Le Trophée des champions a tenu toutes ses promesses en matière de spectacle et de tension. Mais au-delà du scénario haletant, c'est une controverse technique qui a capté l'attention après la victoire du Paris Saint-Germain aux tirs au but face à l'Olympique de Marseille.
Une égalisation dans le temps additionnel sous le feu des critiques
Alors que l'OM menait et voyait le titre à portée de main, le PSG a trouvé la faille dans les ultimes secondes. À la 95e minute, une action rapide impliquant Bradley Barcola et conclue par Gonçalo Ramos a ramené les deux équipes à égalité, sauvant les Parisiens in extremis.
Presque immédiatement, des doutes ont émergé. Des images partagées en ligne par des supporters marseillais ont soulevé la question d'une position potentiellement irrégulière de l'attaquant parisien au moment de la passe décisive. Le débat s'est alors focalisé sur le rôle de l'assistance vidéo à l'arbitrage (VAR), accusée par certains d'avoir validé un but litigieux.
La VAR, entre limite technique et interprétation
Les images officielles diffusées après le match n'ont pas révélé de hors-jeu évident et flagrant. Conformément à son protocole, la VAR n'est intervenue car elle n'a pas identifié d'erreur manifeste et claire, le seul motif autorisant une révision.
Cet épisode illustre les limites persistantes de la technologie. Si elle corrige des injustices criantes, elle ne supprime pas la part d'interprétation, surtout dans des situations millimétriques. Dans le contexte ultra-sensible d'un Classique français, cette marge d'appréciation nourrit immédiatement la suspicion et les théories du complot, ravivant un sentiment ancien de défiance envers l'arbitrage chez certains supporters.
L'OM, une frustration légitime mais des occasions manquées
La déception marseillaise est profonde et compréhensible. Toutefois, une analyse complète du match oblige à regarder au-delà de cette seule action. L'OM a eu l'opportunité de sceller la rencontre peu avant l'égalisation parisienne, notamment par l'intermédiaire de Pierre-Emerick Aubameyang. La non-conversion de ces occasions décisives a finalement laissé la porte ouverte au revirement de situation.

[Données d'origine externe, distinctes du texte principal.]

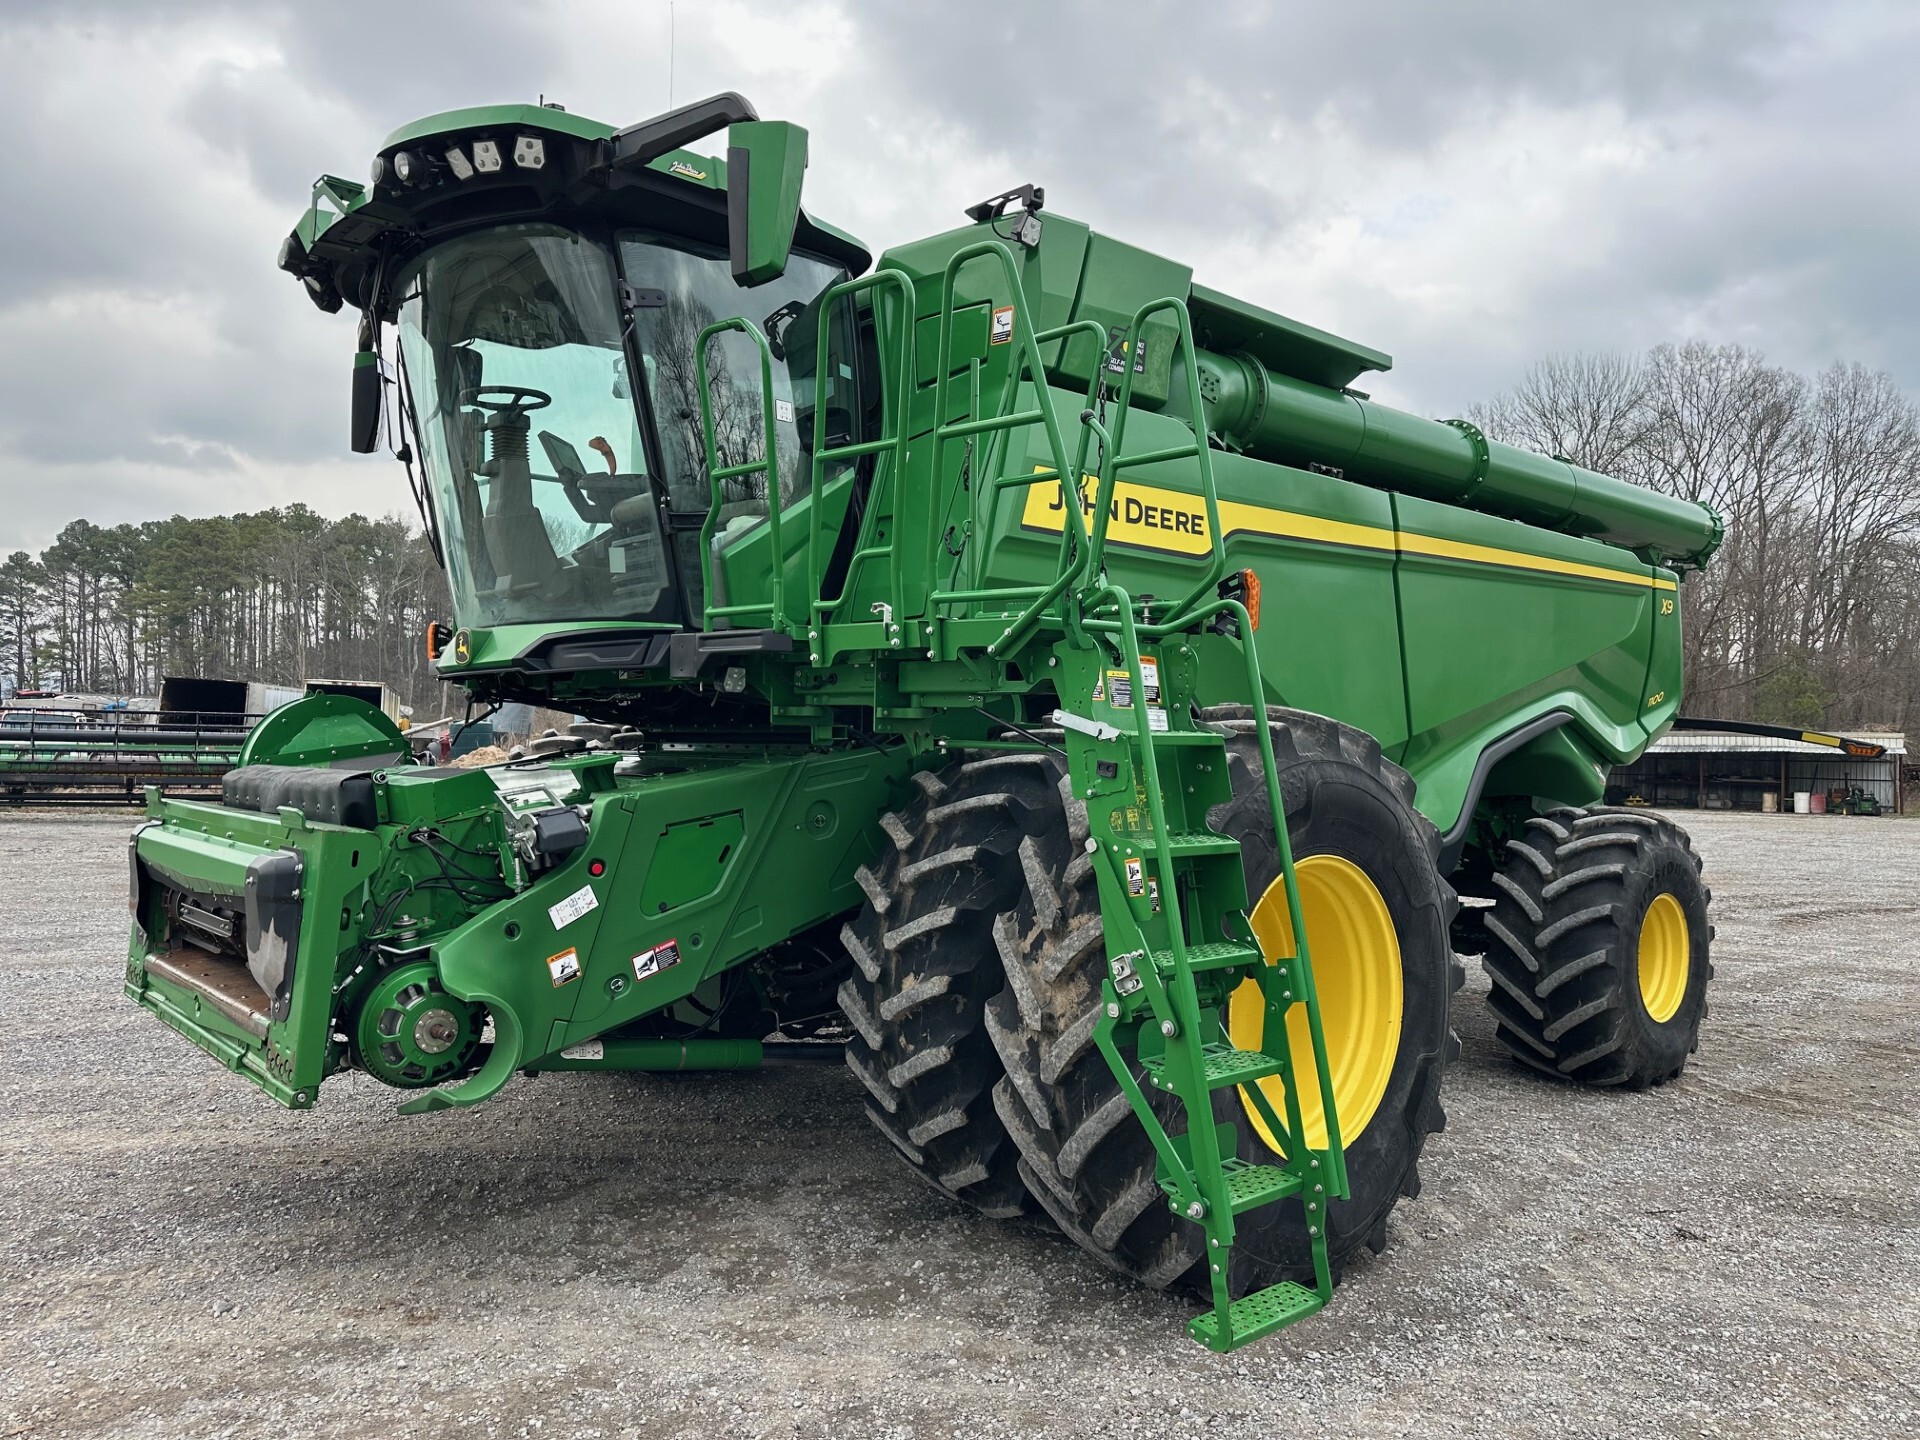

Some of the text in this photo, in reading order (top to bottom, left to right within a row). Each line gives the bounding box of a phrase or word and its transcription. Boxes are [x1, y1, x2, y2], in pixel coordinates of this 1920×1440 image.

Le football de haut niveau se joue souvent sur ces détails : la gestion des derniers instants, la concentration défensive et l'efficacité dans les moments clés. Transformer une défaite collective en une accusation ciblée contre l'arbitrage ne change pas le résultat. Le PSG a su rester vivant et punir un relâchement, tandis que l'OM n'a pas réussi à administrer son avantage jusqu'au bout.
La polémique sur le but de Gonçalo Ramos, bien que médiatiquement intense, ne doit donc pas occulter les réalités sportives de cette finale riche en émotions, où le mental et la finition ont fait la différence au moment le plus critique.